Saturday, November 27, 2010

Reflective Post 14

Two days ago it was Thanksgiving, a time of when we should be celebrating our thankfulness for everything in our life. A time, when I was taught in elementary school “where the Indians and Pilgrims came together and had a Thanksgiving feast”. In 1st grade before Thanksgiving break, half the class would dress up as Indians and the other half would dress up as Indians. We would then have a joyous feast of apple cider and goldfish. Not the most spectacular thing, but it got the point across that the Pilgrims and Indians were friends and liked each other. I had this belief of great friendship between the two groups up until the end of elementary school. I was watching a PBS special one night by myself on the relationship between settlers and the Native Americans, and it was here I learned the truth. The Indians and Pilgrims were not friends, they were enemies. All my childhood thoughts of the two groups were wrong. My World felt like it was crashing down. Just kidding, I’m exaggerating, but it was a rough blow to my childhood thoughts of joy and love and happiness between the Pilgrims and the Indians.

What confuses me during the holidays is why we were never taught the truth in elementary school. I’m sure some schools do tell the truth, but mine was certainly not one of them. I had to find it out on my own, and then had to ask the teacher to explain it to us the next day in class. Sure, some could argue the situation is to morbid for children to learn about, but why even mention it then? What I’m getting at is children never learn about Nazi Germany or the Holocaust in elementary school because it is to morbid for them to learn about, so teachers could easily not tell us about the pilgrims and Indians instead of giving us a false truth. Why do elementary schools teach us false facts? Its school! We should know the entire truth behind the story. They should not just tell us the Indians and Pilgrims were happy with one another, that they taught each other how to plant corn and hunt, and then they lived happily ever after. Teachers should follow up with the ending, and talk about the bad parts of the story too, not just the good parts.

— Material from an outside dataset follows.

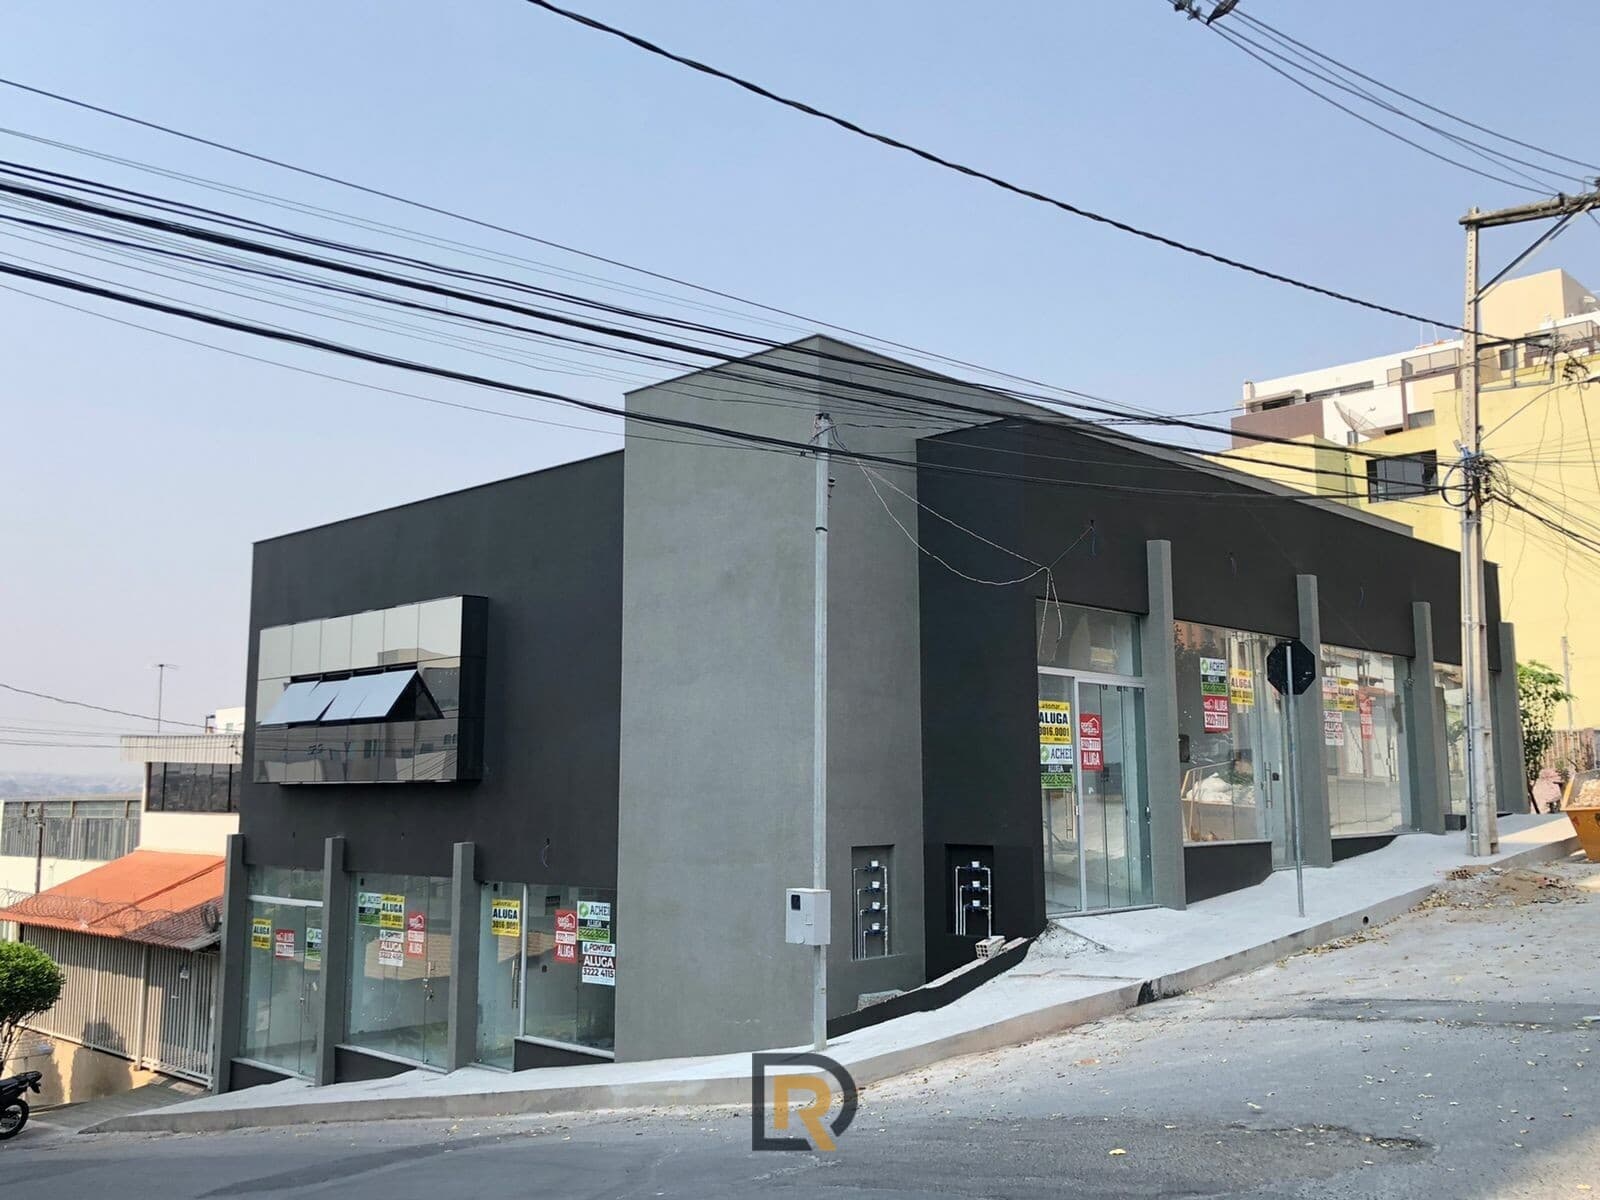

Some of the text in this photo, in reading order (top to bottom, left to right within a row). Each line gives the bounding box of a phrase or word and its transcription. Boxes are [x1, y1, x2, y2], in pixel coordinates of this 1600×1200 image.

Reading Todorov, we learn more about the tension and hardships between the Native American and the settlers. Todorov tells his version of the truth, a truth more believable than what we believe in elementary school. I am glad we read this book and went to the Museum of the American Indian before we left for Thanksgiving break. It reminded me that Thanksgiving is not just a happy feast between the two groups of people.

Image Source: http://i208.photobucket.com/albums/bb152/karnivorous/thanksgiving.gif

1 comment:

  1. Hmm...interesting argument. I some times wonder the same. When you look at it from a perspective after you've learned about the subject, however, I feel that one would argue differently than when they haven't. It does sound right that school should be teaching us the truth from the beginning, but do you think that maybe the bigger point that they're trying to do is teach us the values of "helping each other" and "being friendly" and (the big one) "sharing"?. I remember that most of the times in elementary school, they tried to put a lot of the informational textbooks into stories so it could be more entertaining for us and with it, the stories always had happy endings in them. As children, we always expect happy endings in stories because we deeply despise the "bad guys". If the schools were to say that the Indians ended up dying, I feel that a lot of us would've grown with hatred and resentment towards the Pilgrims, because we would've taken the issue more at heart.